**Task objective:** Output all entries exactly; images excluded.
-------- Records for the task --------
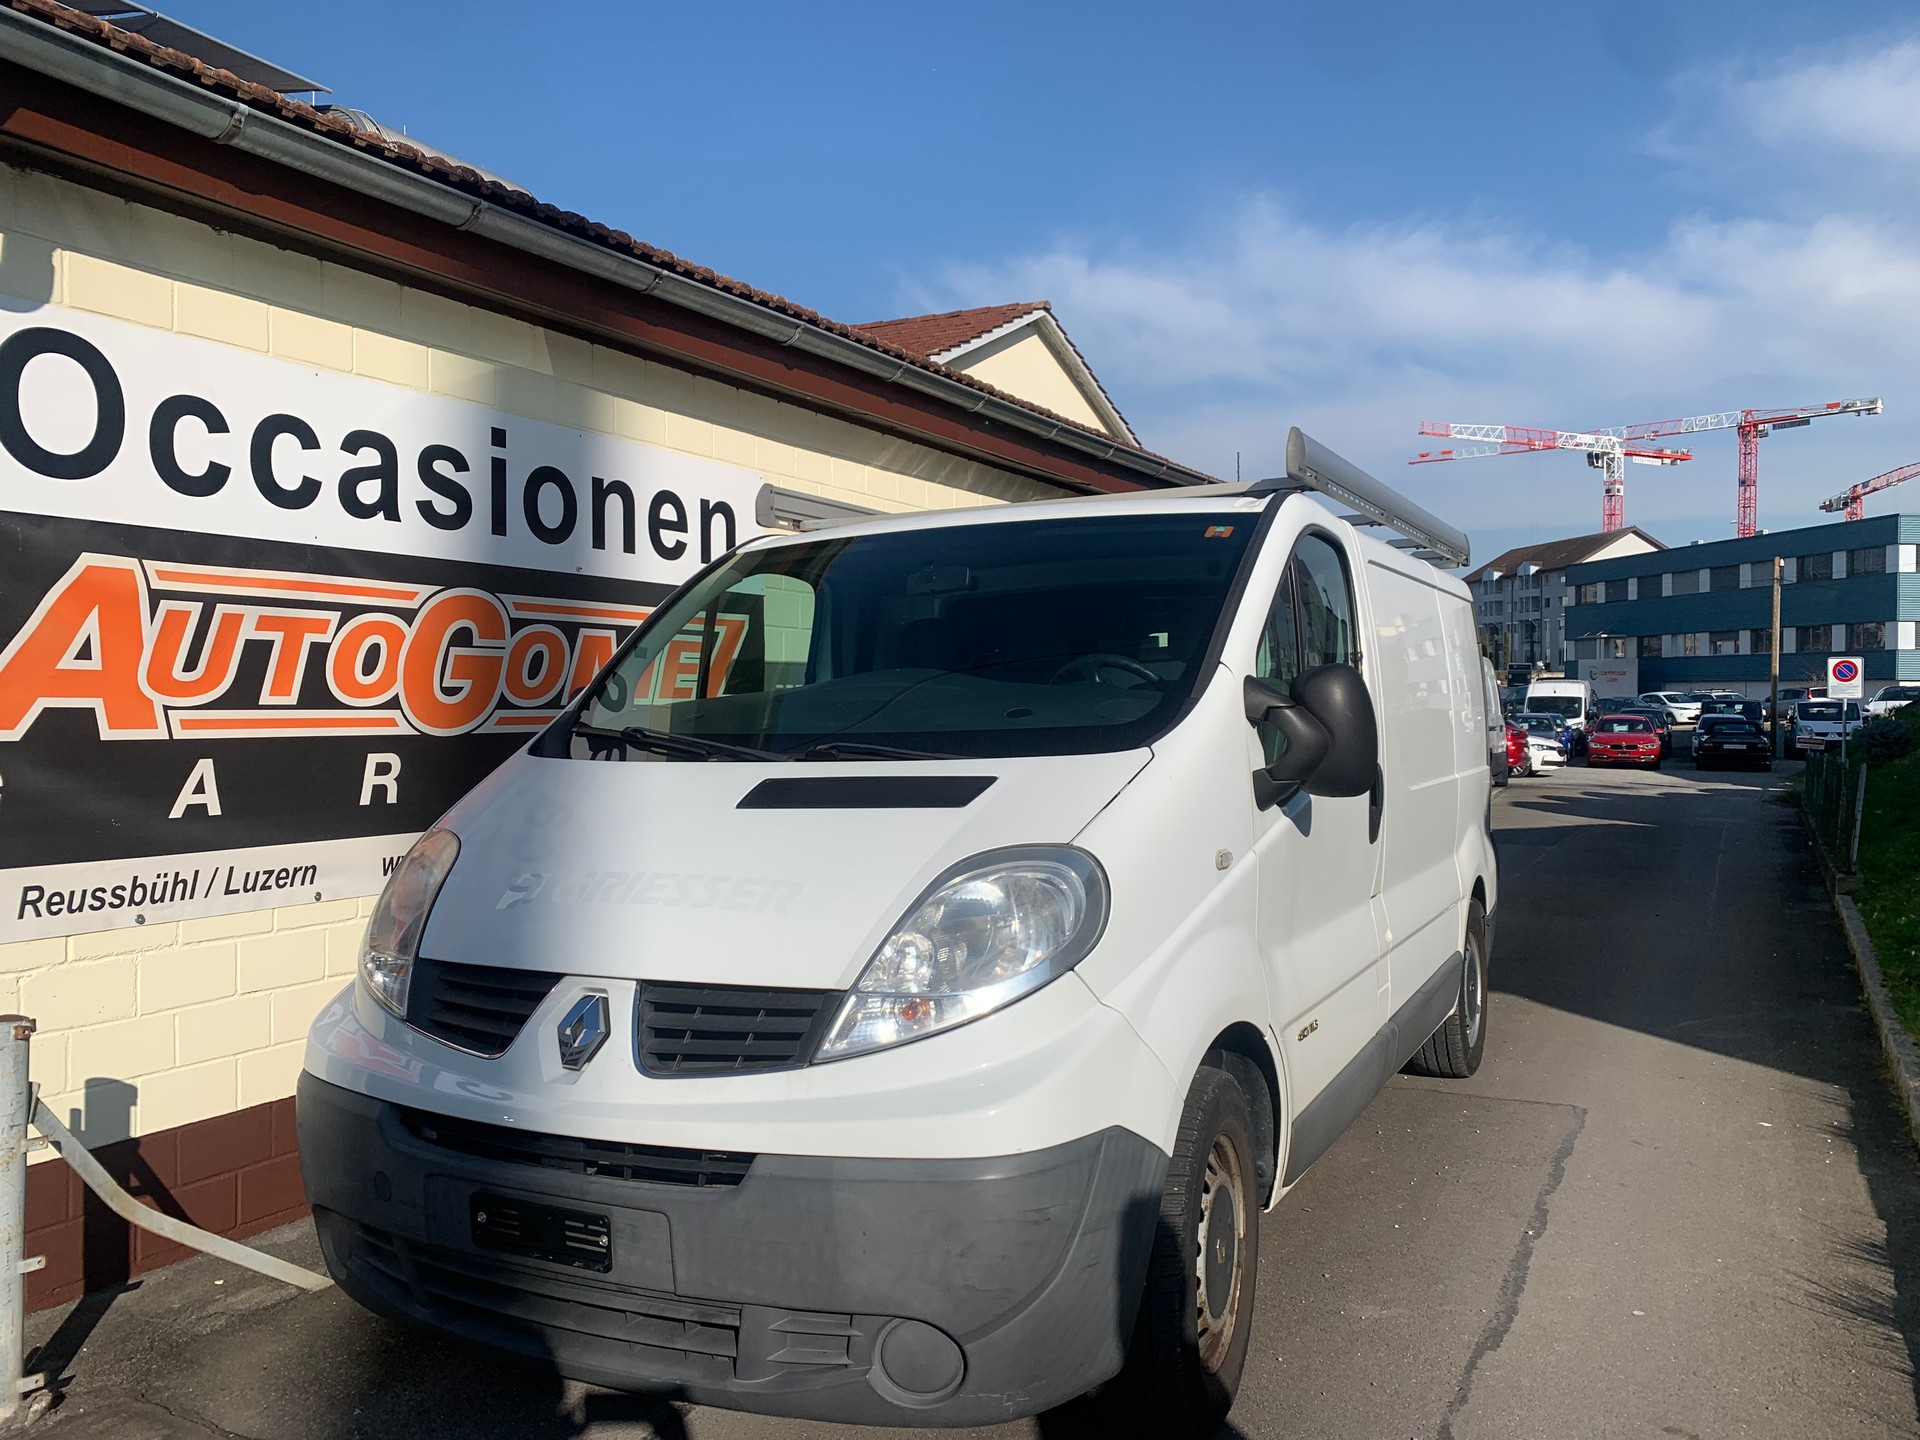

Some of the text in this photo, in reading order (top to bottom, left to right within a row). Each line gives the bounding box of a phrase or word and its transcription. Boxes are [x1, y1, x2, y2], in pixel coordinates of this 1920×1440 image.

[0, 327, 736, 564] Occasionen
[17, 870, 200, 920] Reussbühl
[223, 864, 318, 896] Luzern
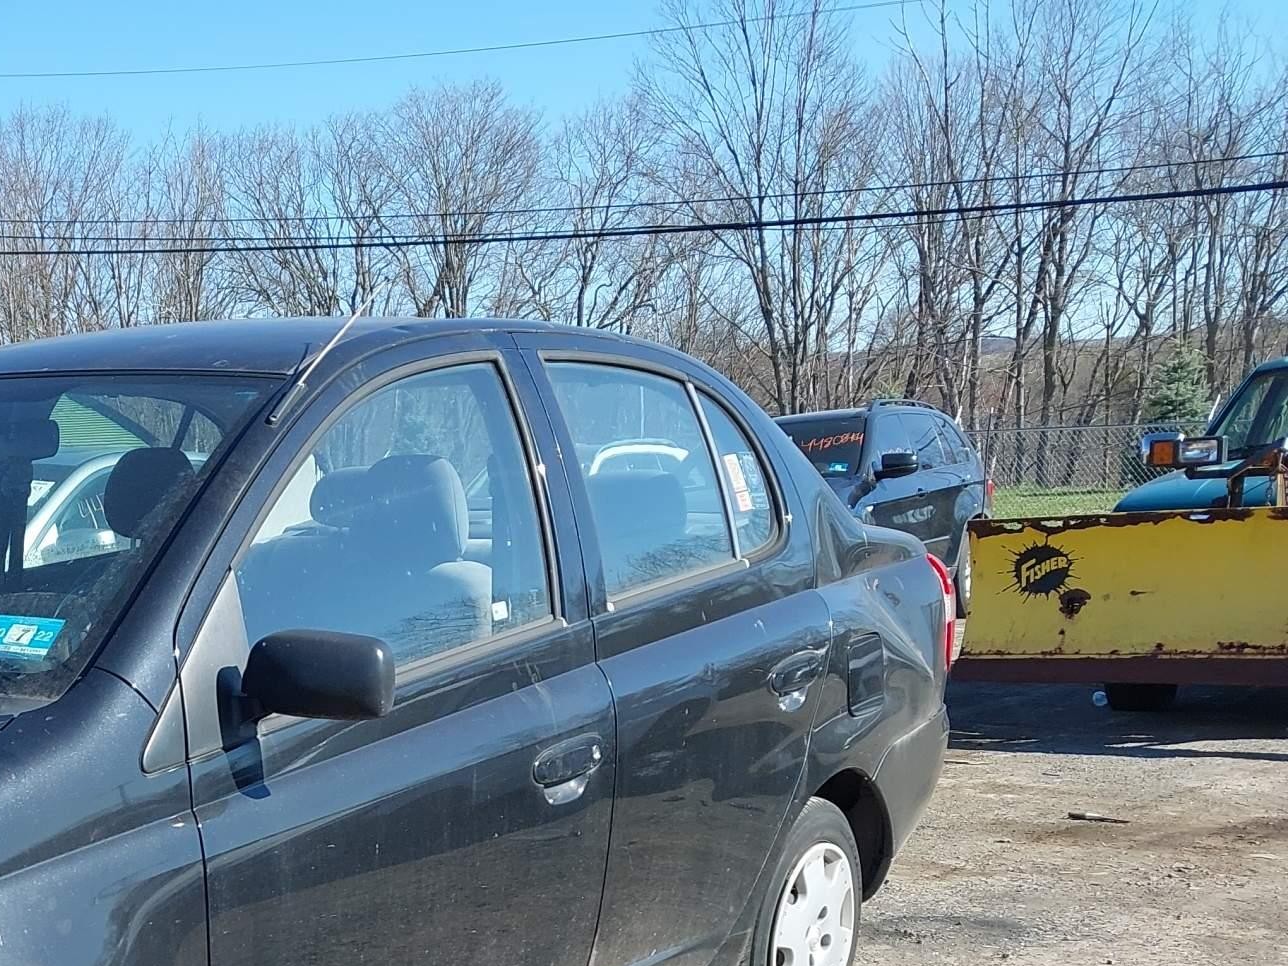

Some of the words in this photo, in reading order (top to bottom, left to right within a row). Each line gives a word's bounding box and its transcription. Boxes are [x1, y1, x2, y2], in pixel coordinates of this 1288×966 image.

[1021, 557, 1069, 588] FISHER
[15, 629, 31, 642] 7
[33, 630, 53, 642] 22
--------
**Solution to the exercise:**
Some of the text in this photo, in reading order (top to bottom, left to right within a row). Each line gives the bounding box of a phrase or word and its transcription. Boxes are [x1, y1, x2, y2], in pixel coordinates of this 1920×1440 image.

[0, 327, 736, 564] Occasionen
[17, 870, 200, 920] Reussbühl
[223, 864, 318, 896] Luzern

Some of the words in this photo, in reading order (top to bottom, left to right within a row). Each line gives a word's bounding box and its transcription. Boxes are [x1, y1, x2, y2], in pixel coordinates of this 1288×966 image.

[1021, 557, 1069, 588] FISHER
[15, 629, 31, 642] 7
[33, 630, 53, 642] 22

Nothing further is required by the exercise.